What happened? In short, Nokia failed to anticipate and react to critical market changes – a classic case where a premortem exercise at the right time might have changed history. In 2007, Apple’s iPhone debuted, and soon after, Google’s Android platform rose, redefining what consumers expected from “smart” phones. Nokia, however, stuck for too long with its Symbian OS and a hardware-centric mindset. One of Nokia’s own internal memos in 2011 famously likened their situation to standing on a “burning platform,” emphasizing the dire need to change course. But by then, execution lagged. A partnership with Microsoft to use Windows Phone was announced as a saving move, but it was arguably too late – Apple and Android had already locked in an ecosystem advantage. Nokia’s leaders, under immense pressure to hit short-term targets, neglected to invest aggressively in the touch-screen, app-driven smartphone revolution (The Strategic Decisions That Caused Nokia’s Failure | INSEAD Knowledge) ( Analysis of Nokia’s Decline from Marketing Perspective ). The company was iterating on what worked yesterday, instead of envisioning tomorrow’s customer needs.
In retrospect, one can imagine a strategic premortem for Nokia circa 2007: “It’s 2013, and Nokia’s phone business has collapsed – how did we lose?” The answers would likely have included: “We underestimated the shift to software and ecosystems,” “We assumed our dominance would carry over to smartphones,” “We failed to cultivate or acquire a competitive operating system,” and “We were too slow to respond to competitors’ innovations.” All of those things did happen. In 2013, Nokia’s phone division was sold off to Microsoft in a fire-sale, marking the end of an era (The Strategic Decisions That Caused Nokia’s Failure | INSEAD Knowledge) ( Analysis of Nokia’s Decline from Marketing Perspective ). The salutary lesson for executives is that even seemingly invincible companies need to constantly play devil’s advocate with their strategy. What disruptive technologies or consumer shifts could render our business model obsolete? Nokia’s blind spots were not technological incompetence or lack of resources – they were cultural and strategic: a reluctance to challenge success, to envision scenarios where the current path led to failure. The company has since reinvented itself in other arenas (telecom equipment), but the missed opportunity in mobile is studied in business schools as a “failure to adapt.” A stronger internal challenge function or scenario planning team might have prompted Nokia to reinvent its software approach a few years earlier, perhaps maintaining its leadership.
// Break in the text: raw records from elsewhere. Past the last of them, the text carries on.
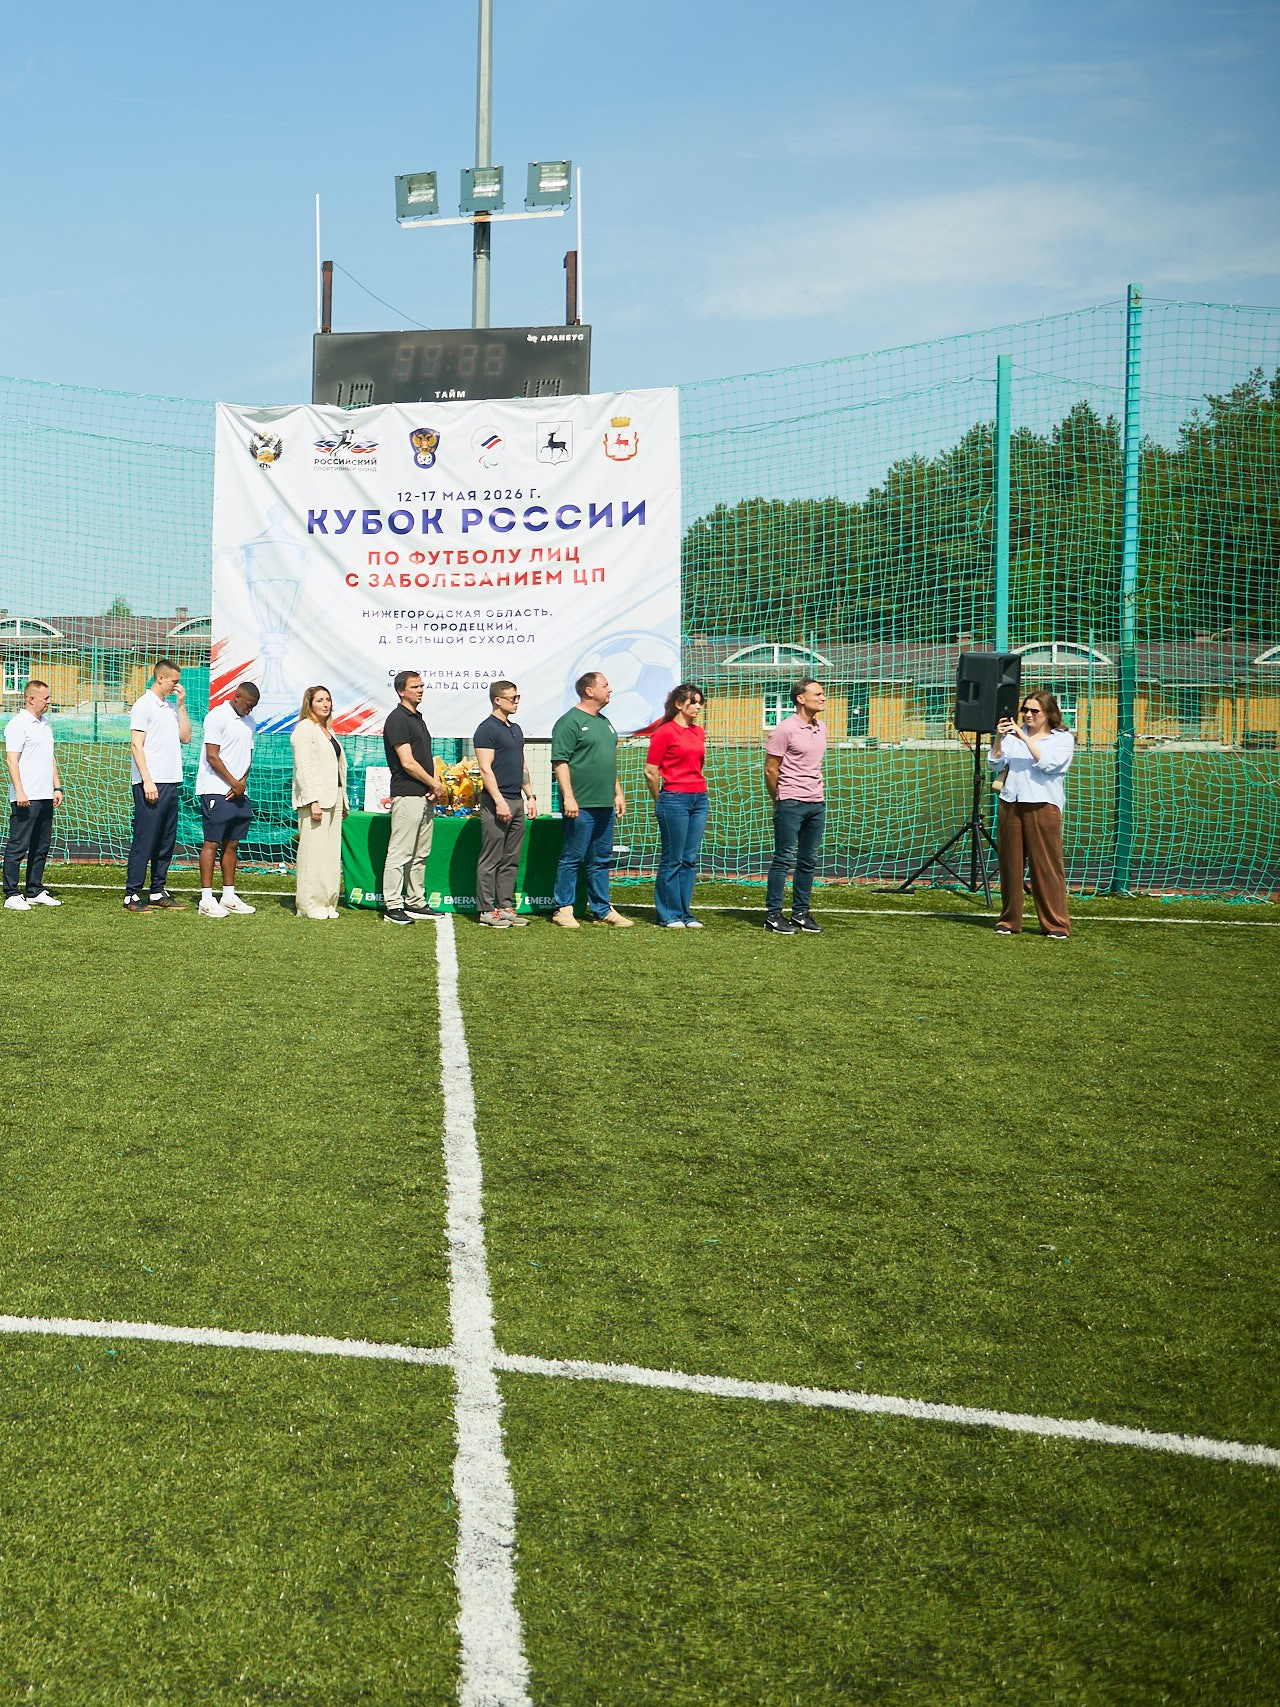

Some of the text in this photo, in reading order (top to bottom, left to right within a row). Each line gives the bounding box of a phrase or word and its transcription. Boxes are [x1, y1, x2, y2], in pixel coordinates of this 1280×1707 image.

[434, 389, 466, 399] ТАЙМ
[314, 457, 377, 466] РОССИЙСКИЙ
[397, 488, 541, 502] 12-17 МАЯ 2026 Г.
[307, 499, 646, 535] КУБОК РОССИИ
[368, 546, 580, 566] ПО ФУТБОЛУ ЛИЦ
[345, 567, 606, 588] С ЗАБОЛЕВАНИЕМ ЦП
[362, 610, 481, 619] НИЖЕГОРОДСКАЯ
[396, 623, 419, 632] Р-Н
[378, 634, 536, 645] Д. БОЛЬШОЙ СУХОДОЛ
[388, 669, 505, 678] СТИВНАЯ БАЗА
[443, 896, 477, 905] EMERA
[524, 896, 557, 905] EMERA
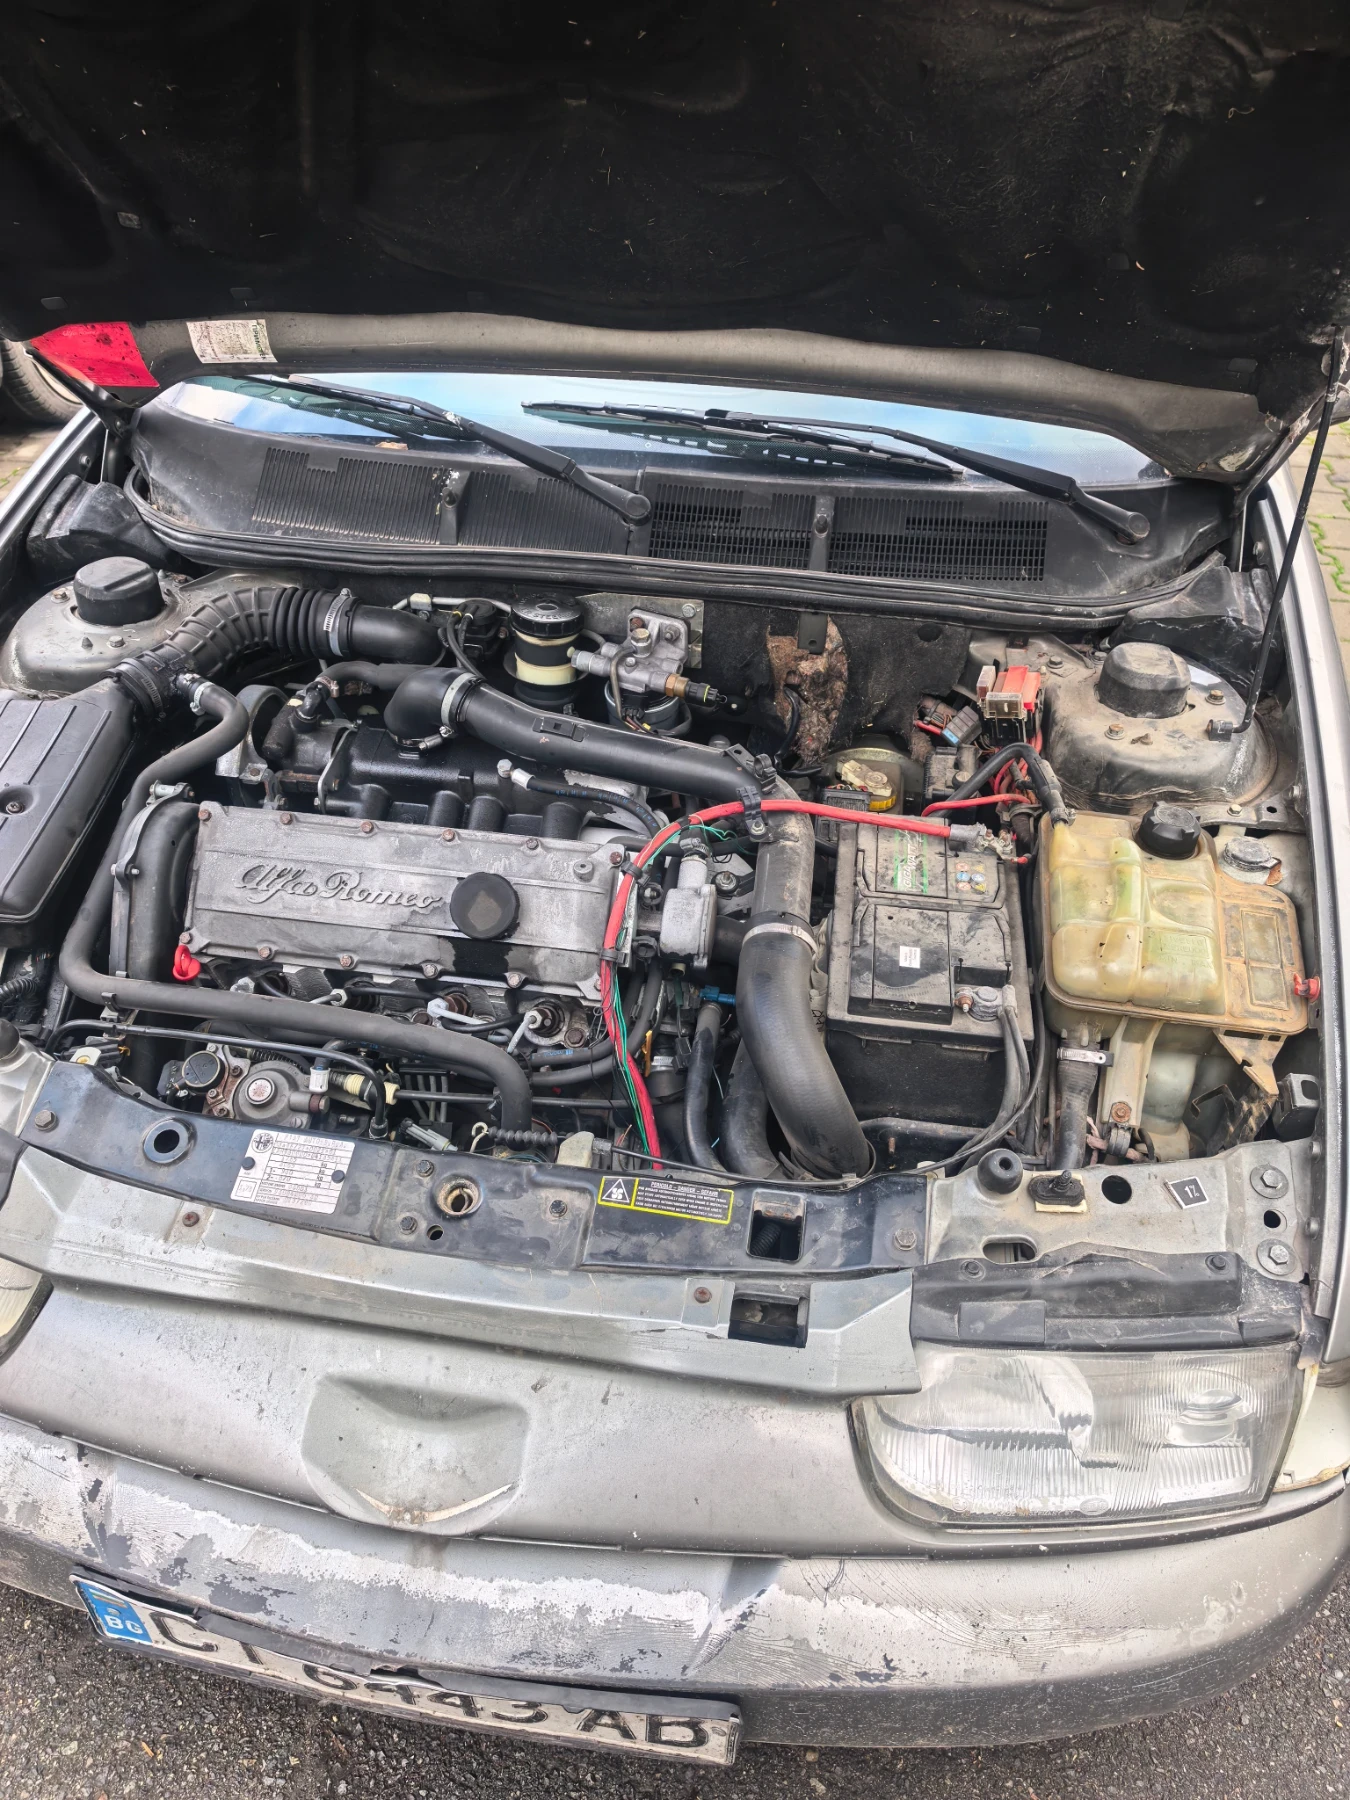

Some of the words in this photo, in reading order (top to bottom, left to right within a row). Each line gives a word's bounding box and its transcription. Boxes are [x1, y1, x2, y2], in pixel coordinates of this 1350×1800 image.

For today’s companies, Nokia’s fall is a reminder to continually ask “What if the world changes drastically?” – because it often does.
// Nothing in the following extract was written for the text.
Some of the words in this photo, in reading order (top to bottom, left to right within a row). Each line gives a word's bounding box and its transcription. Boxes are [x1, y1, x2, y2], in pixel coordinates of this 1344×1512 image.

SOKOLOV: Navigating Reputation Risk in a Polarized Environment
Not all project or business risks are technological; some are reputational and societal. SOKOLOV, a leading jewelry brand in Eastern Europe, faced a scenario where external events turned a successful marketing strategy into a potential liability practically overnight. In early 2022, as geopolitical tensions and social divides in Russia reached a peak, SOKOLOV found itself in the crosscurrents of public opinion. The company had built a high-profile campaign around Renata Litvinova – a beloved actress and style icon – as the face of its SOKOLOV Diamonds collection. Renata’s image lent sophistication and artistic flair to the brand. However, when the Russia-Ukraine conflict escalated in 2022, society became deeply polarized, and public figures were pressed to take sides. Litvinova took a stance against the invasion and ultimately left the country, which made her a controversial figure at home. Suddenly, SOKOLOV’s brand ambassador – through no fault of her own in a business sense – carried heavy political baggage.
For SOKOLOV, this was a classic reputational risk that likely wasn’t on the radar when they signed Litvinova. The company had to act swiftly to prevent a backlash from domestic consumers who might perceive the actress as “unpatriotic,” while also considering the views of more liberal customers who admired her. In effect, the brand needed an immediate pivot to avoid being boycotted or caught in political crossfire. SOKOLOV responded by quietly reshaping its marketing. They introduced a new ambassador – the singer Lolita Milyavskaya, who had a more neutral public stance – and shifted the focus of campaigns to product quality and timeless style rather than any one personality. The company’s communications emphasized unity and beauty beyond politics, trying to steer the conversation back to jewelry and away from current events. Essentially, SOKOLOV performed a midstream “premortem” of sorts: “Our brand reputation is at risk – how do we save it?” By scenario-planning in real time, they mitigated the damage. The potentially negative narrative (“jeweler partners with ‘traitor’ actress”) was supplanted by a fresh message and messenger before it could take root.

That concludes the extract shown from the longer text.